Seperti dikatahui, sejak awal tahun 2020, Aliansi Jurnalis Independen telah menyuarakan penolakan atas Rancangan Undang Undang Omnibus Law yang digodok pemerintah dan DPR.
Bagi AJI, Omnibus Law berpotensi menjadi masalah penting bagi praktik jurnalisme di Indonesia. Ini dikarenakan masuknya Undang-Undang Nomor 40 Tahun 1999 tentang Pers dalam komponen yang direvisi, yakni pasal 11 dan 18.
Rancangan Undang-undang (RUU) Cipta Kerja adalah produk hukum yang disusun menggunakan konsep omnibuslaw. RUU Cipta Kerja sejak awal hingga saat ini menuai protes besar dari hampir seluruh elemen masyarakat di seluruh wilayah Indonesia. Petani, buruh, mahasiswa, nelayan, masyarakat adat, penggiat isu lingkungan, HAM dan agraria, juga penggiat isu perempuan dan anak menolak RUU Cipta Kerja yang roh nya adalah percepatan investasi berbasis modal ini.
Omnibuslaw RUU Cipta Kerja adalah salah satu bentuk kekerasan terbuka yang dilakukan negara, sebab proses penyusunan RUU ini tidak melibatkan elemen masyarakat, bahkan diawal, akses informasi terhadap draf begitu tertutup. Secara substansi, RUU Cipta Kerja juga tidak berangkat dari kepentingan dan kebutuhan rakyat. Roh RUU ini adalah investasi skala besar berbasis modal. Maka, keselamatan lingkungan, keselamatan rakyat, kesejahteraan buruh, kebebasan berekspresi, hak veto rakyat, kesejahteraan petani dan nelayan serta kedaulatan rakyat dan masyarakat adat atas ruang hidupnya menjadi tidak penting lagi.
Fakta-fakta itu cukup menjadi alasan bagi kami, dan kita semua untuk menyatakan sikap menolak omnibuslaw RUU Cipta Kerja.

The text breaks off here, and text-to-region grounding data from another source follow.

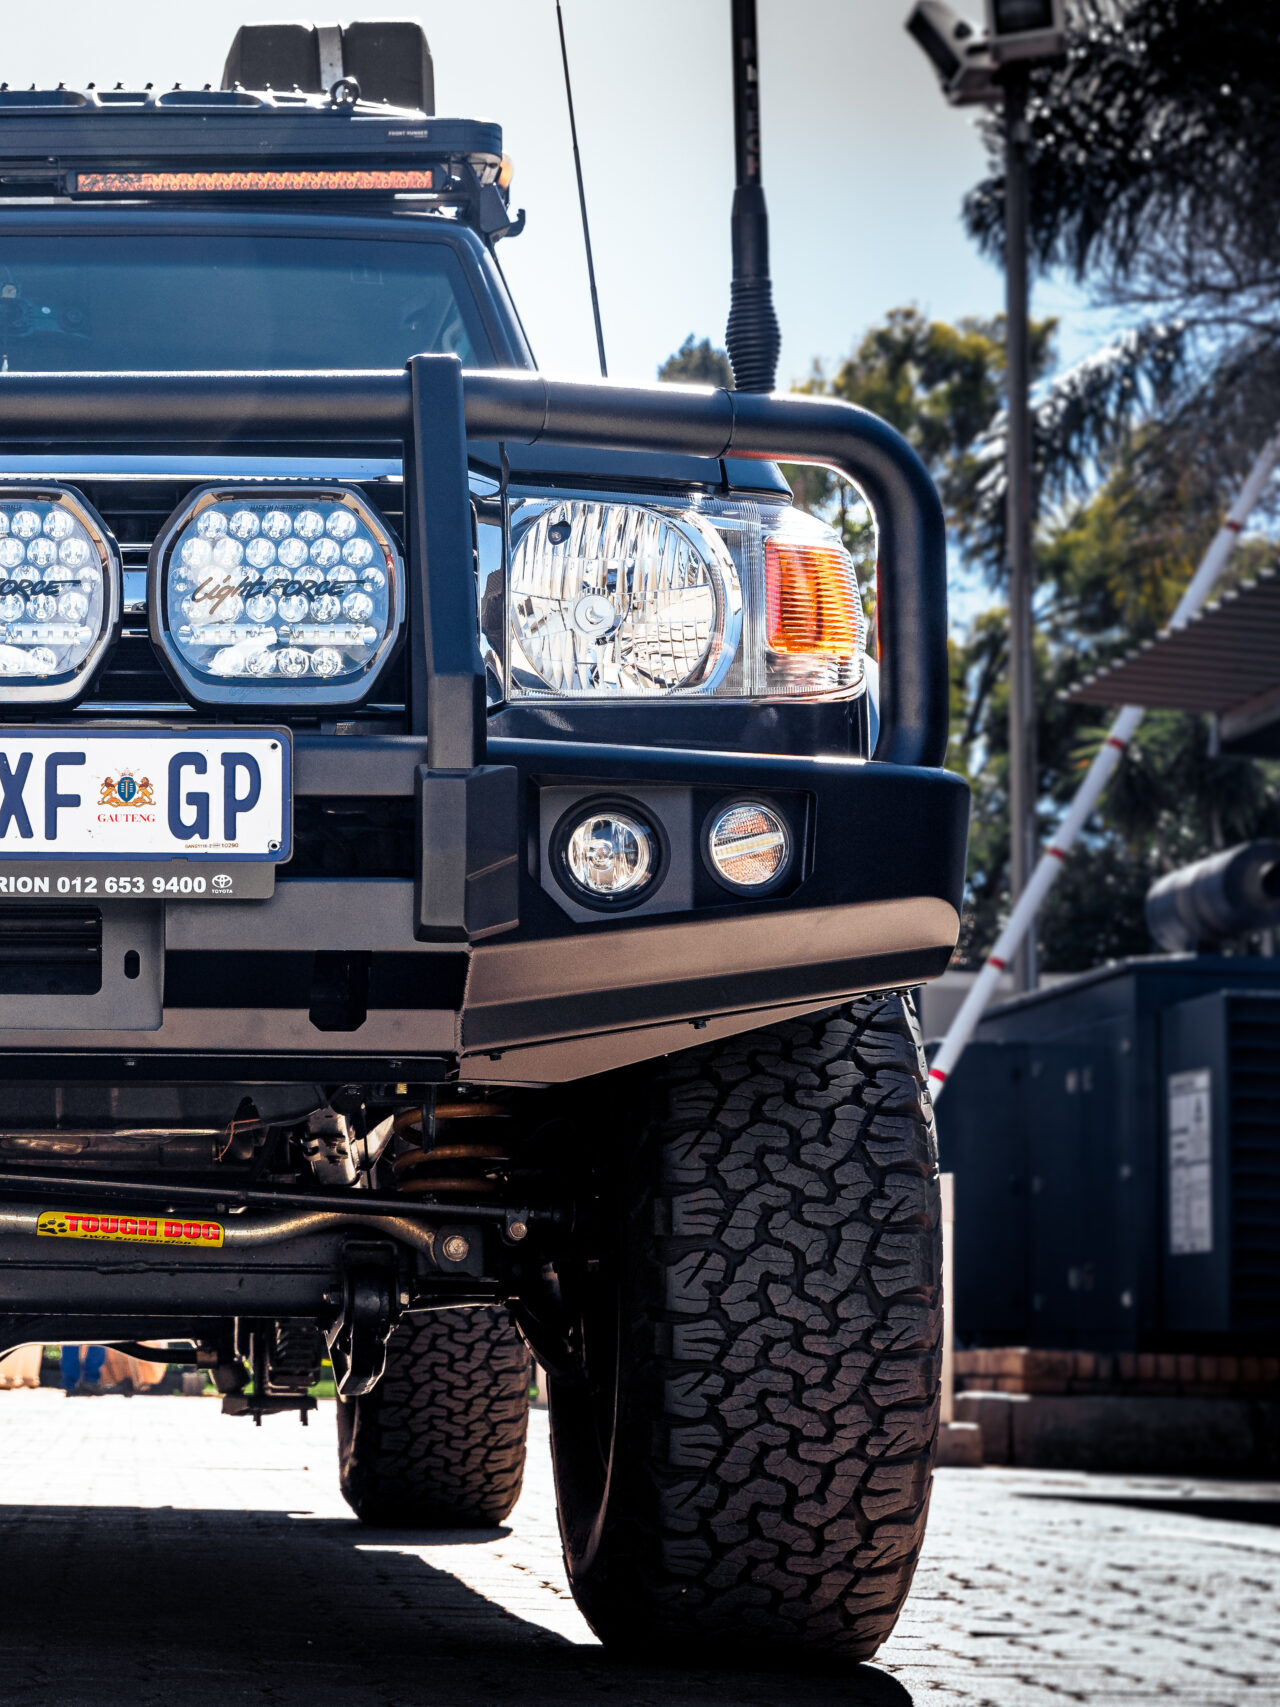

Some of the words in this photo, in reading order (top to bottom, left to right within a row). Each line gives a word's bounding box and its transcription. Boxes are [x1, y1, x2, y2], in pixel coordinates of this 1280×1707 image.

[168, 752, 261, 840] GP
[97, 813, 156, 823] GAUTENG
[57, 876, 98, 894] 012
[104, 876, 145, 894] 653
[152, 876, 207, 894] 9400
[64, 1215, 157, 1236] TOUGH
[164, 1221, 221, 1241] DOG
[115, 1236, 191, 1245] Suspension

Dalam kacamata AJI, RUU ini sangat berpotensi mengancam nilai-nilai kebebasan pers bagi jurnalis. Contohnya dalam Pasal 11 UU Pers. Jika sebelumnya berbunyi “Penambahan modal asing pada perusahaan pers dilakukan melalui pasar modal.”

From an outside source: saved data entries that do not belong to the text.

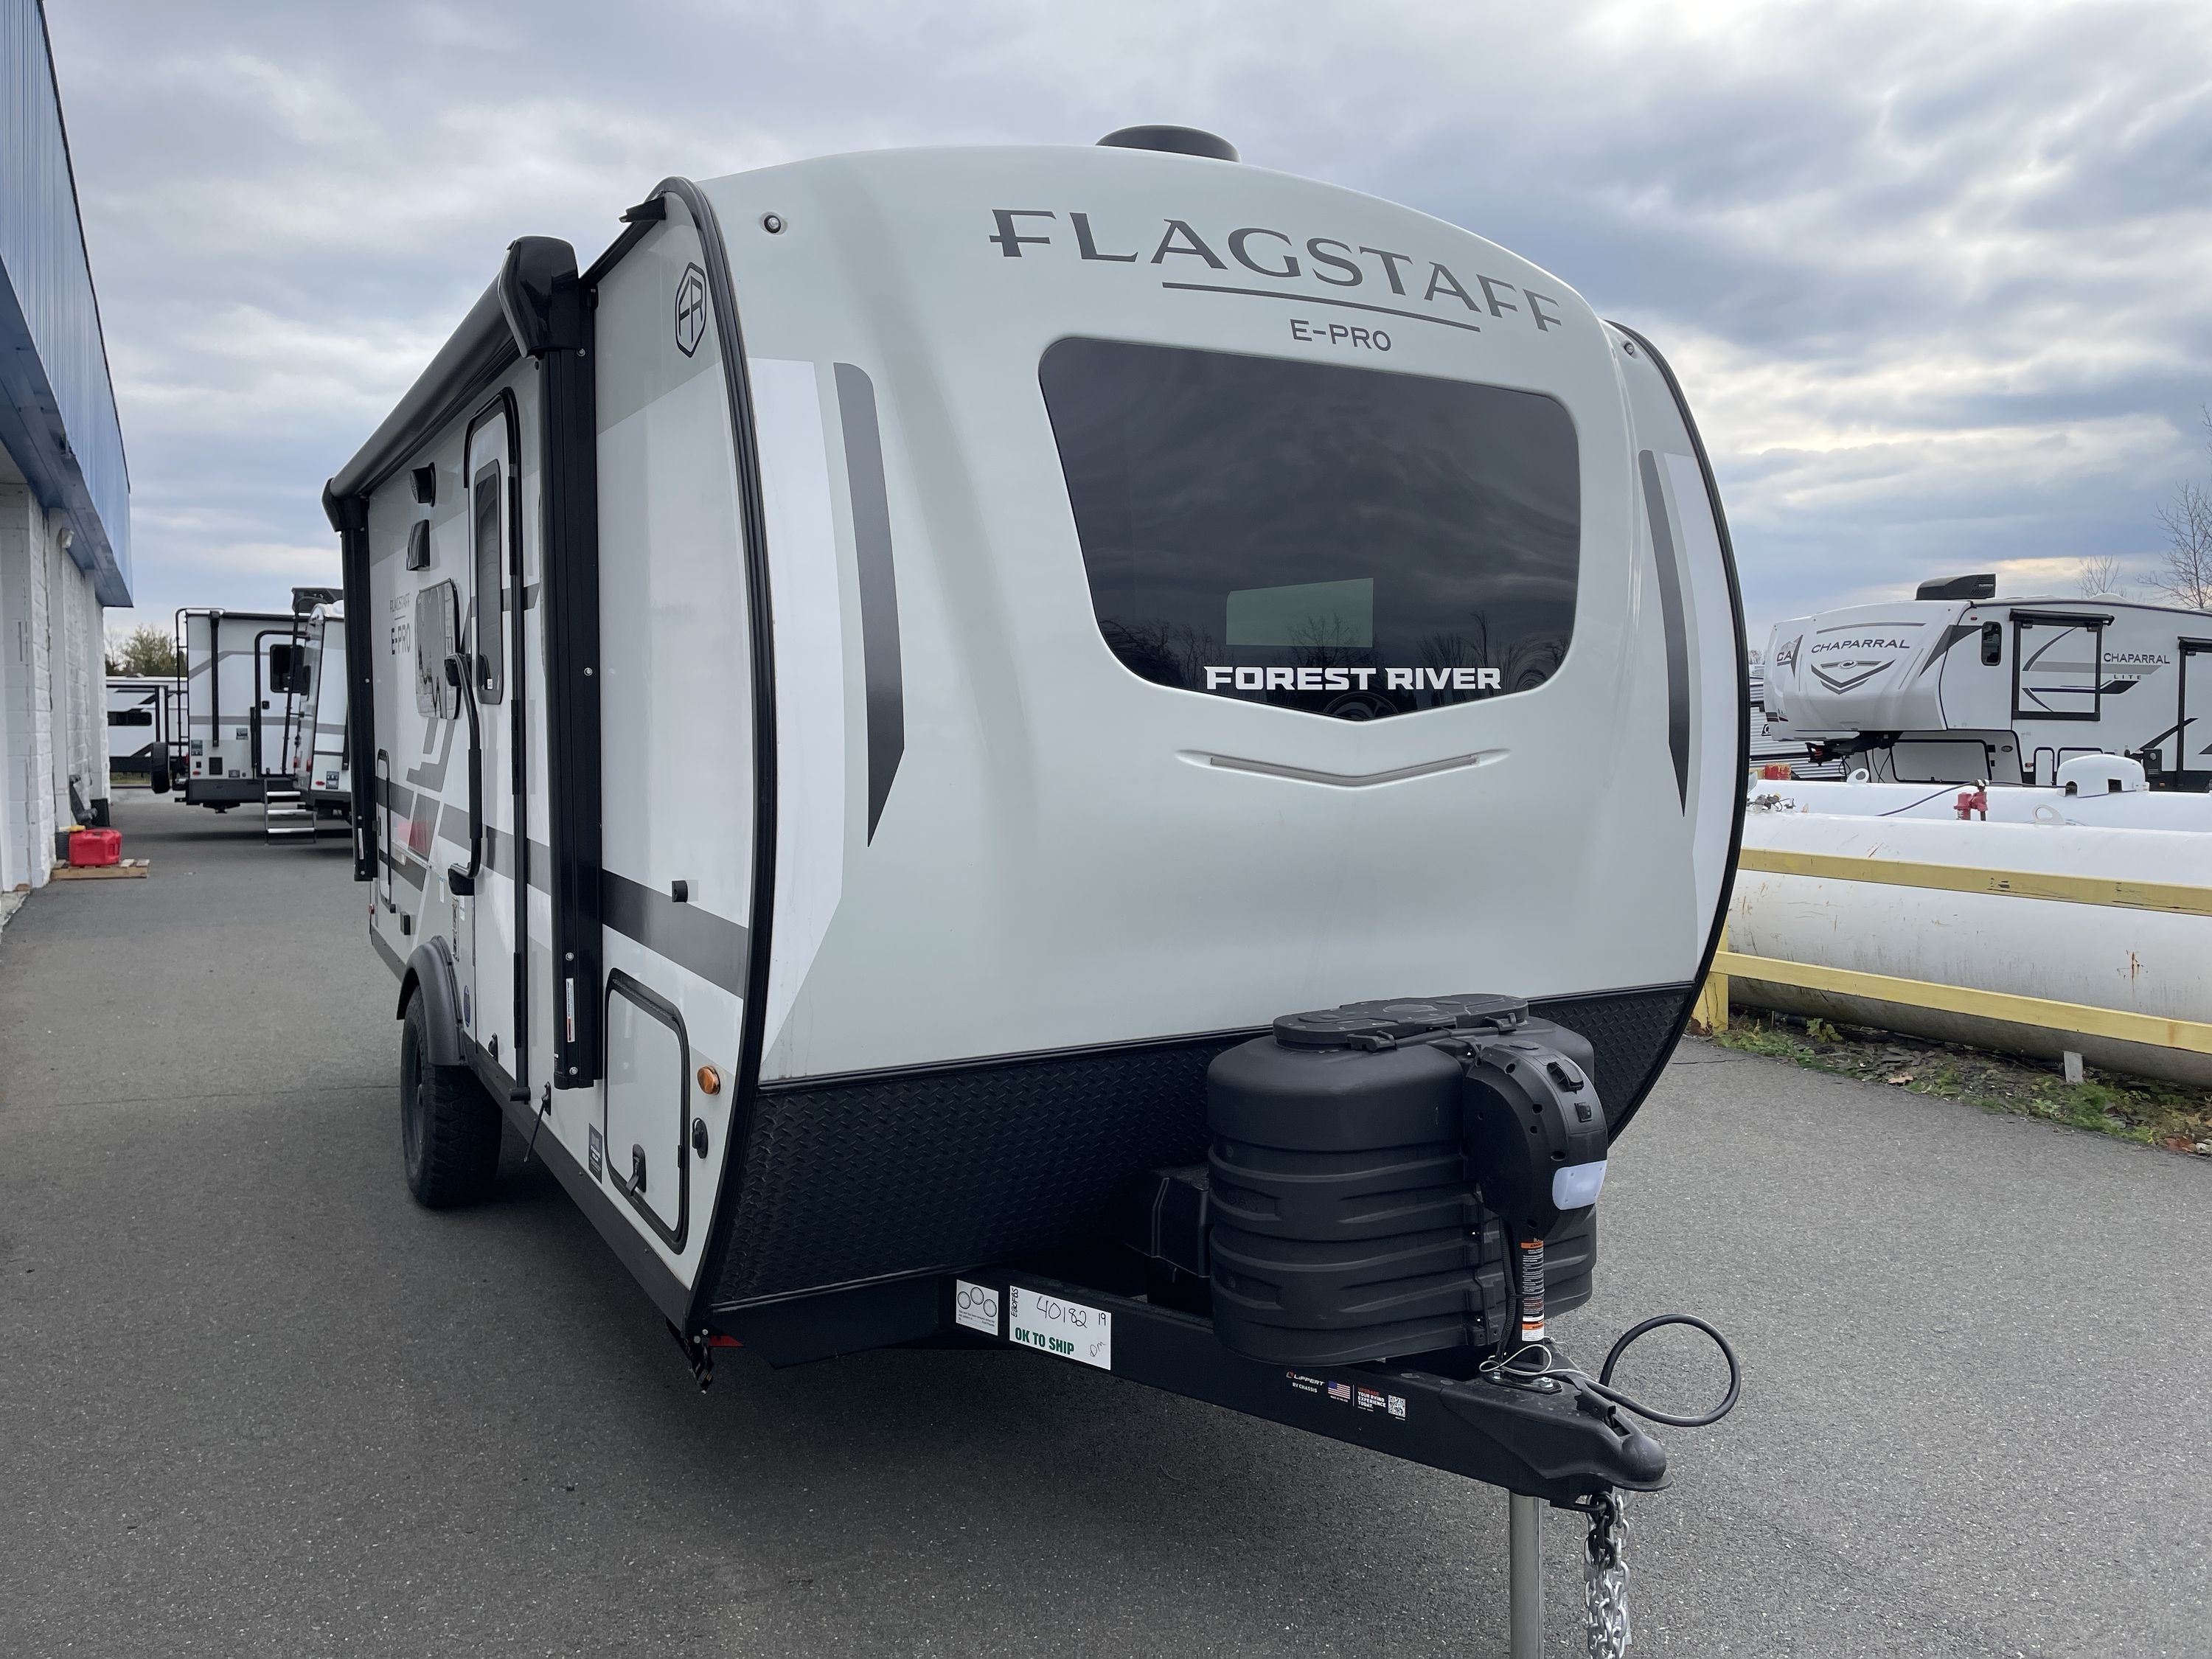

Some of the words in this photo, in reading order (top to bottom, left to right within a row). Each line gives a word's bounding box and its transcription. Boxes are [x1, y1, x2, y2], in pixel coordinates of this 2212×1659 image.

[989, 209, 1562, 332] FLAGSTAFF
[1290, 319, 1392, 352] E-PRO
[391, 622, 411, 655] E-PRO
[1811, 639, 1910, 654] CHAPARRAL
[2103, 653, 2170, 664] CHAPARRAL
[1206, 666, 1377, 690] FOREST
[1385, 667, 1501, 690] RIVER
[1036, 1295, 1088, 1329] 40182
[1015, 1326, 1030, 1343] OK
[1032, 1332, 1046, 1348] TO
[1048, 1337, 1074, 1355] SHIP
[1298, 1384, 1318, 1393] CHASSIS
[1357, 1396, 1386, 1408] EXPERIENCE

Maka, dalam RUU Omnibus Law menjadi, “Pemerintah Pusat mengembangkan usaha pers melalui penanaman modal sesuai dengan ketentuan peraturan perundang-undangan di bidang penanaman modal.”
Pengubahan pasal ini berpotensi membuat pemerintah kembali mengatur pers seperti sebelum UU Pers pada tahun 1999 dirancang oleh insan pers dan kemudian menjadi pedoman seluruh pekerja pers hingga saat ini.

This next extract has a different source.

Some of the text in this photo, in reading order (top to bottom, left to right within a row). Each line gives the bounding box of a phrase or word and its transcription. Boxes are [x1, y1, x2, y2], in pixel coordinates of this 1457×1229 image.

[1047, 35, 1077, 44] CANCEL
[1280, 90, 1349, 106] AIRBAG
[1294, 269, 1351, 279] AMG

Salah satu Aktivis Lingkungan M. Frengki Wijaya mengatakan semoga aksi penolakan ini terus berlanjut dan berharap Kepada Seluruh elemen masyarakat untuk juga ikut terlibat dalam penolakan omnibus law.
” Semoga aksi penolakan ini terus berlanjut, karna terkait dengan keselamatan lingkungan, keselamatan rakyat, kesejahteraan buruh, kebebasan berekspresi, hak veto rakyat, kesejahteraan petani dan nelayan serta kedaulatan rakyat dan masyarakat adat atas ruang hidupnya menjadi tidak penting lagi” tegas Frengki
Perubahan poin-poin dalam pasal yang ada saat ini jelas melanggar semangat UU Pers sebelumnya, yang mengatur bahwa sengketa pers lebih didorong pada upaya korektif dan edukasi. Jika pun berkaitan dengan denda, maka itu dibuat seproporsional mungkin. Dengan kata lain tidak bermaksud untuk membangkrutkan perusahaan pers.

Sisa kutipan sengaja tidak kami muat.